It would be one hell of an understatement to say that Dominic Toretto has come a long way since his relatively humble origins, with mid budget street racing thriller The Fast and the Furious morphing into a blockbuster behemoth that now ranks as the fifth highest-grossing franchise in the history of cinema.
Based on a 1998 Vibe magazine article telling the story of an underground aspect of New York City’s nightlife, the basic premise was refitted into a high octane crime caper that leaned heavily on almost the exact same succession of plot points as Kathryn Bigelow’s action classic Point Break, with Vin Diesel‘s Dom and Paul Walker’s Brian O’Conner replacing Patrick Swayze’s Bodhi and Keanu Reeves’ Johnny Utah, swapping out surfers for racers.
It’s about as early 2000s as it comes, with a cast of hot young people driving cool cars to the strains of a rock and nu-metal soundtrack, but it caught on big at the box office and went on to earn $207 million on a $38 million budget, but not even the most optimistic of fans could have predicted that 20 years later we’d be seeing the same series heading into outer space to save the world for the umpteenth time.

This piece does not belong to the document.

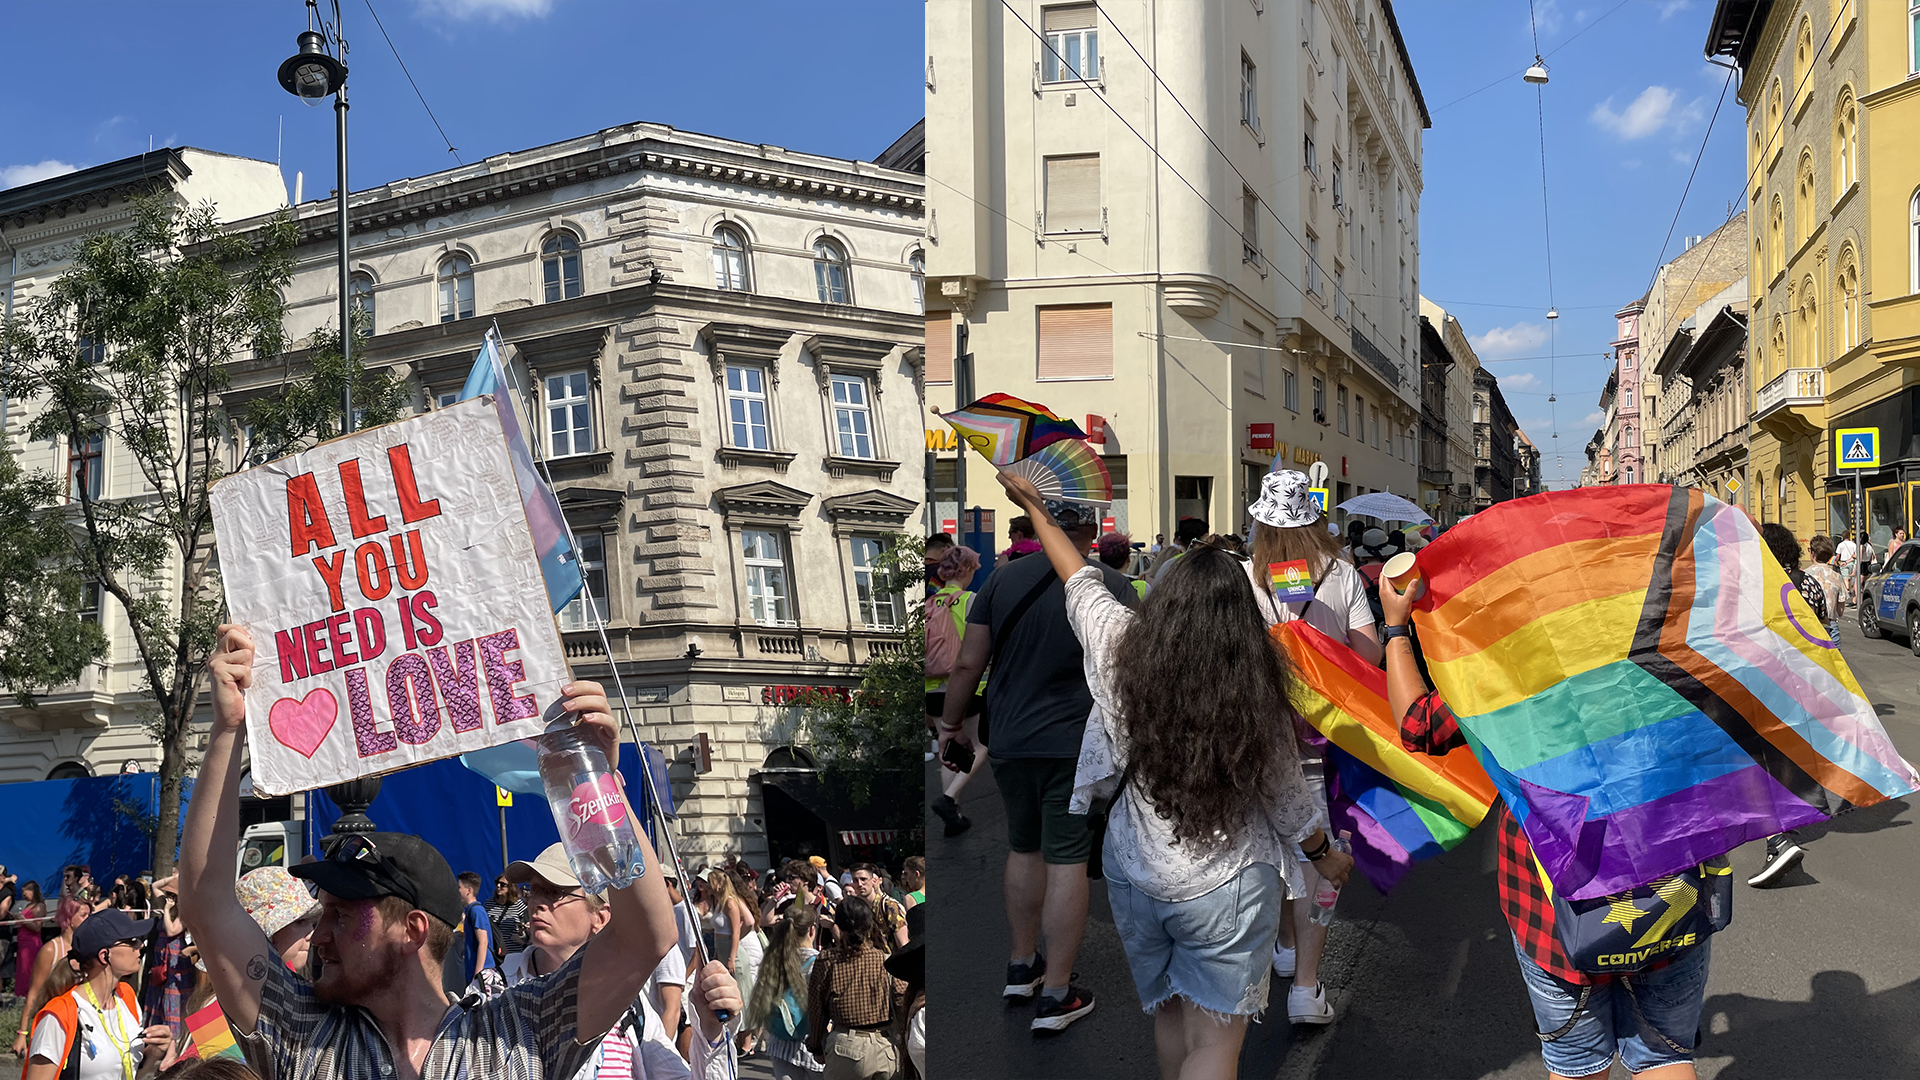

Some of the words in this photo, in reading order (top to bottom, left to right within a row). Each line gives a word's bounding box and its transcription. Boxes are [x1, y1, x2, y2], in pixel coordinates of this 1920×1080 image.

Perhaps in part to the recent ninth installment breaking pandemic-era box office records all over the world and helping reignite the theatrical industry after a painfully stagnant eighteen months, The Fast and the Furious is experiencing a new lease of life on streaming. At the time of writing, it’s climbed as high as fifth position on HBO Max’s watch-list, proving once again that audiences will never turn their back on family.